Cependant, cette logique est structurellement remise en question dans le paysage social de l’IA. La pénurie de correspondance est éliminée. Les utilisateurs peuvent instantanément créer un nombre infini de PNJ personnalisés, et la "correspondance membre d’abord" traditionnelle perd sa signification. De plus, les utilisateurs sont moins motivés à payer pour les émotions. Les utilisateurs perçoivent l’IA davantage comme un "outil" que comme une "personne", et leur volonté de récompenser l’IA est considérablement inférieure à celle des streamers en direct réels. La confidentialité des conversations d’IA limite également l’espace pour le placement d’annonces. L’insertion soudaine d’annonces dans des interactions intimes semble déplacée et peut même amener les utilisateurs à se désintéresser, voire à développer une attitude négative envers le contenu de la marque.

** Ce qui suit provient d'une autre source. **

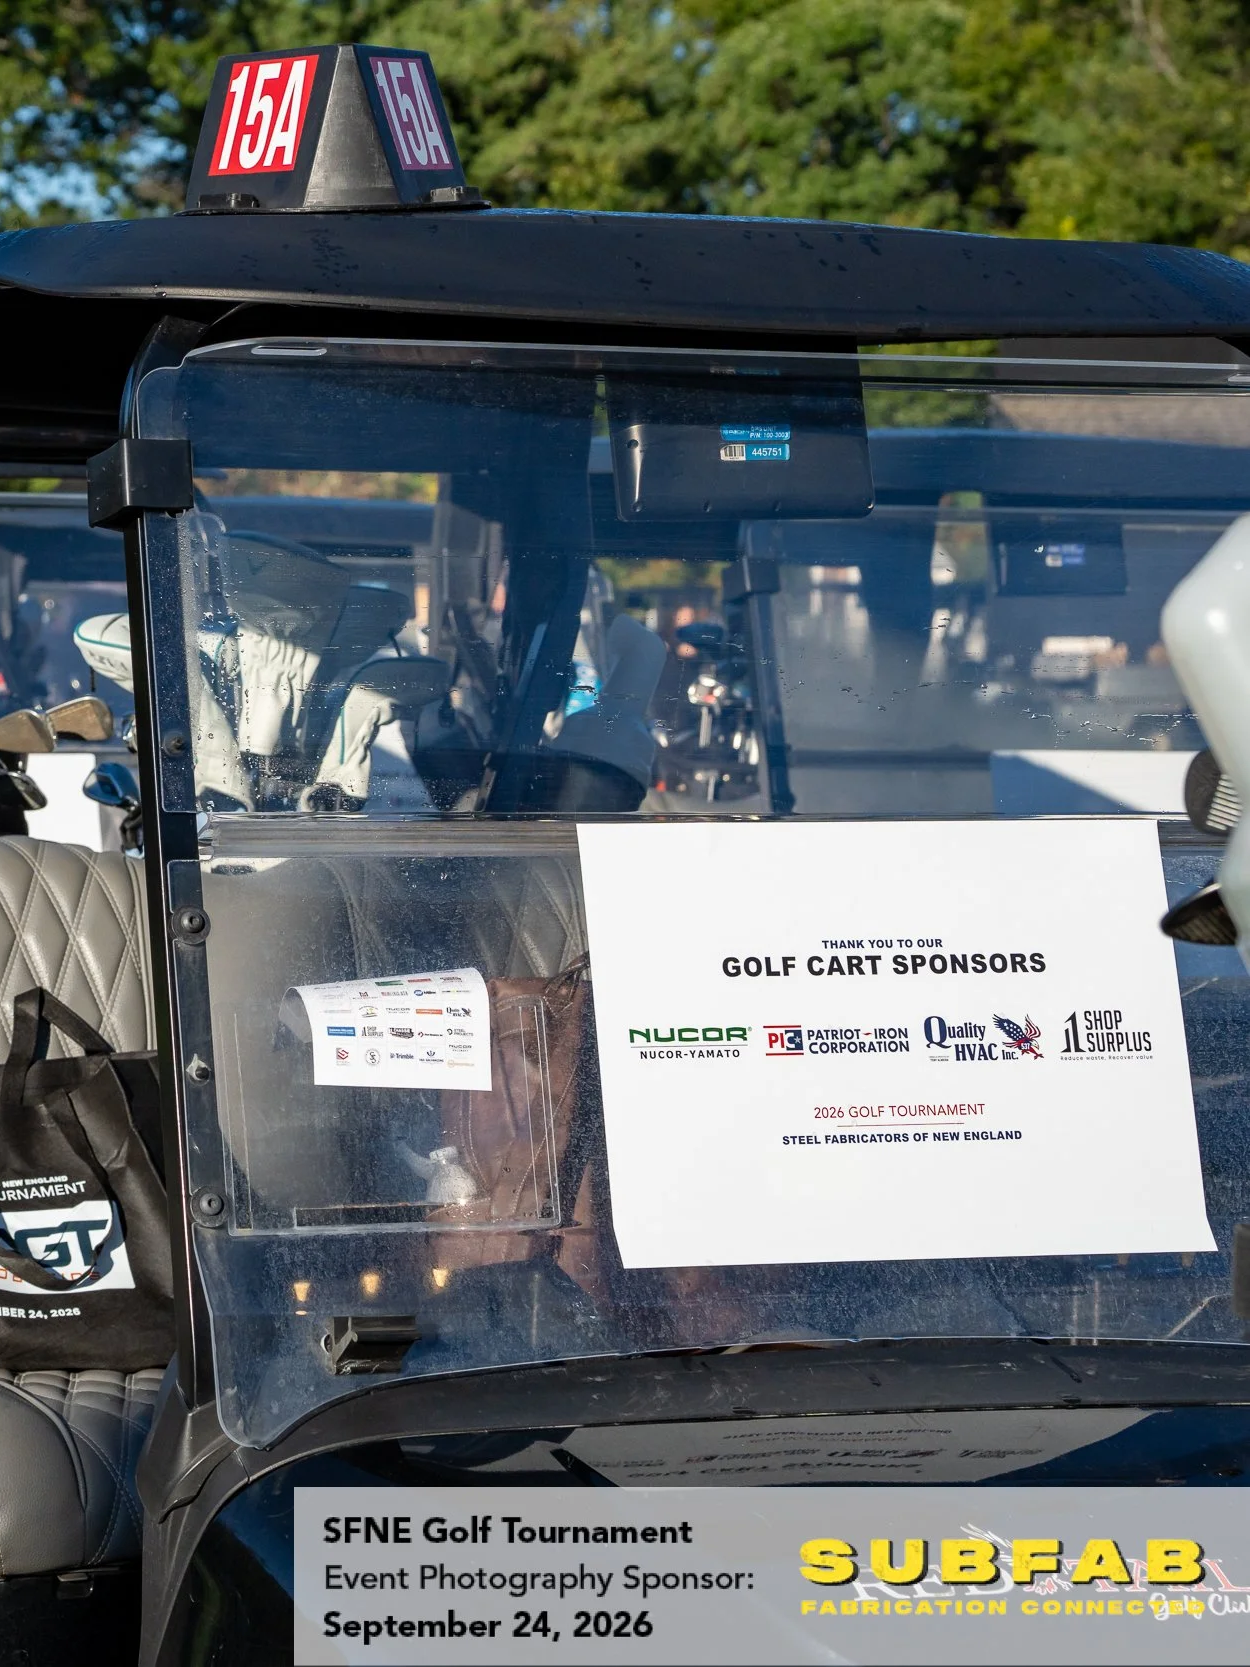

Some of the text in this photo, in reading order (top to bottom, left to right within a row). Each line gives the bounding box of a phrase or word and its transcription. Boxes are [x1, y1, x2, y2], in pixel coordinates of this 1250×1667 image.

La fin est souvent la suivante : les 233 millions d’utilisateurs actifs mensuels de Character AI se traduisent par seulement 16,7 millions de dollars de revenus annuels, avec un faible taux de paiement des utilisateurs (ARPU) de 0,72 dollar par an, ce qui est insuffisant pour couvrir les coûts de main-d’œuvre. Les applications nationales, telles que Dream Island, s’appuient sur des micro-transactions de "carte étoile". Le prix mensuel de la carte de 12 yuans équivaut à seulement deux tasses de thé au lait, ce qui est insuffisant pour supporter le coût du calcul LLM.

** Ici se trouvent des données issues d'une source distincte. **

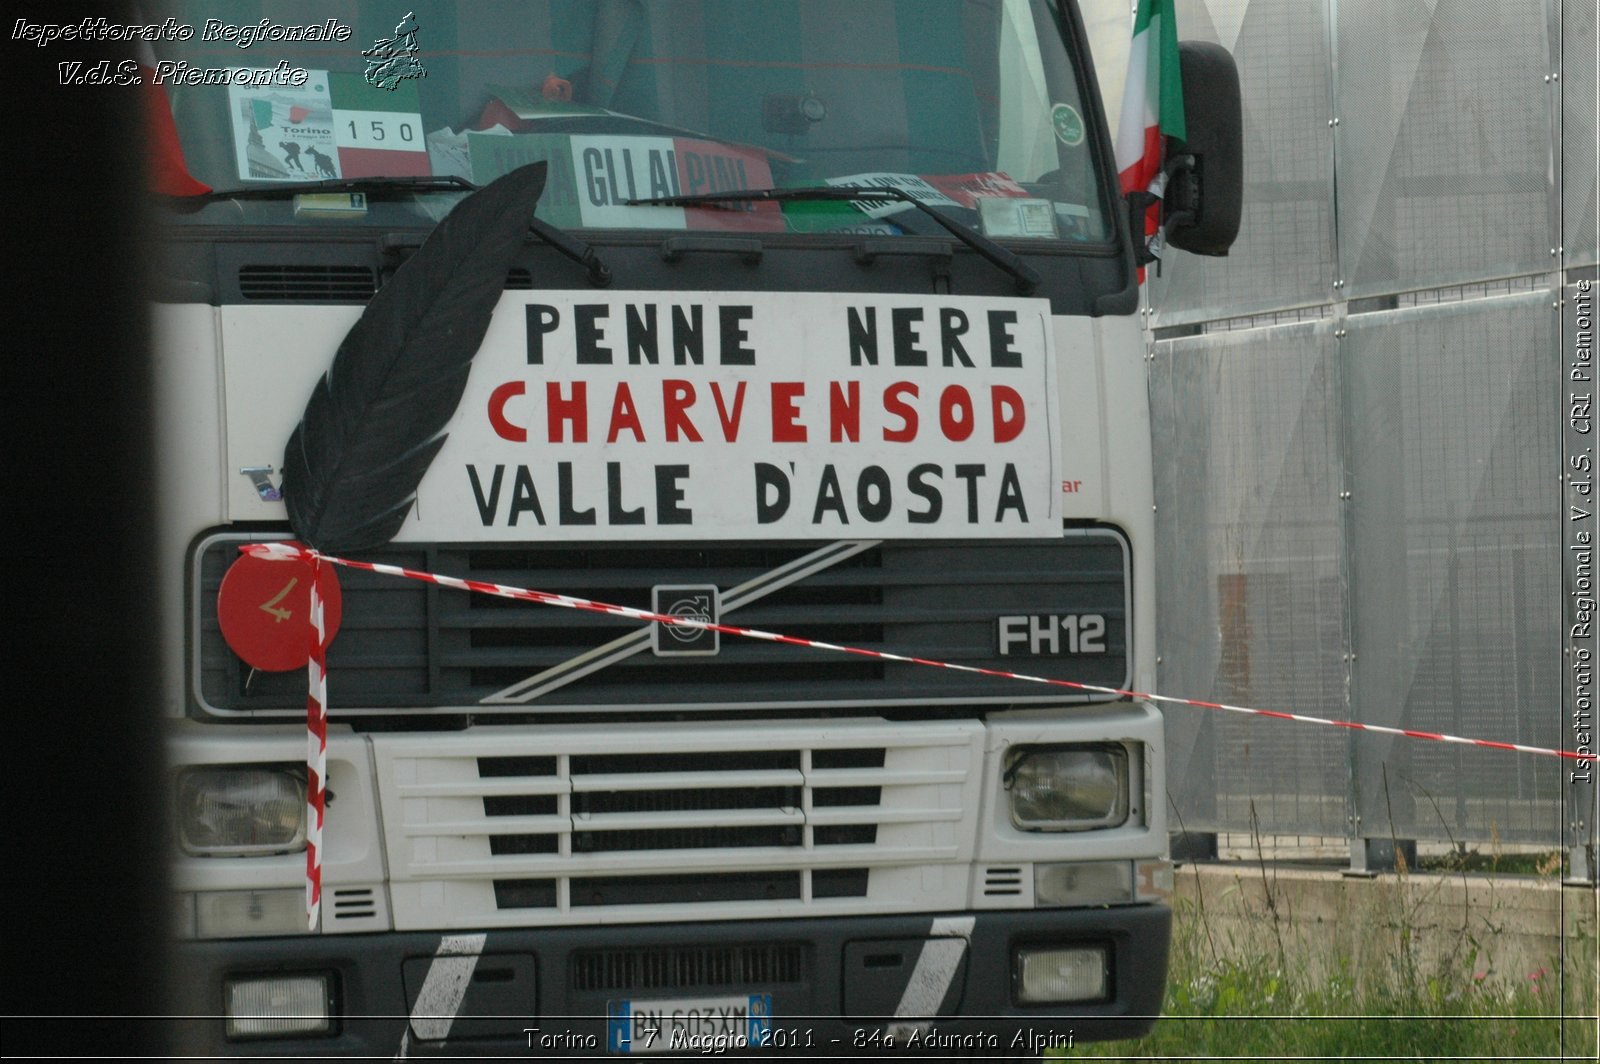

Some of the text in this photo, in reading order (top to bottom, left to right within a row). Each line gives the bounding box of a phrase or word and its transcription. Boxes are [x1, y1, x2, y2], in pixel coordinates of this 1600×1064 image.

[280, 126, 331, 135] Torino
[582, 147, 638, 207] GLI
[525, 303, 1023, 368] PENNE NERE
[487, 379, 1026, 443] CHARVENSOD
[465, 461, 1029, 526] VALLE D'AOSTA
[259, 577, 298, 624] 4
[998, 614, 1106, 655] FH12

Maintenant que l’IA sociale a récolté les premiers avantages, il est temps d’envisager la monétisation. La percée commerciale pour l’IA sociale nécessite de sortir des sentiers battus. De l’amour virtuel à l’exploration approfondie de scènes, la percée commerciale de l’IA sociale doit aller au-delà de la seule dimension de l’interaction sociale et s’orienter vers la fourniture de services et de technologies basés sur des scénarios.

Vous pouvez vous concentrer sur la valeur émotionnelle en mettant l’accent sur la guérison psychologique, les trous d’arbre émotionnels ou des situations de jeu de rôle d’IA immersives plus pures afin de capitaliser sur les forces et d’éviter les limitations. Pour remédier aux lacunes, vous pouvez vous concentrer sur les produits compatibles avec l’IA qui répondent aux exigences physiques. Par exemple, des applications comme "Forest Healing Room" mettent l’accent sur la conversation sécurisée et la surveillance émotionnelle parce qu’elles ont déjà souligné que le rôle du dialogue n’est qu’une IA virtuelle, de sorte que les utilisateurs n’auront pas de grandes fluctuations dans leur désir de payer.

Lorsque le marché cesse de définir l’IA à l’aide de cadres sociaux et commence à explorer l’intersection des outils d’efficacité et des médias émotionnels, cet océan bleu, qui était autrefois chauffé par le capital, pourrait vraiment voir son moment de réévaluation de la valeur.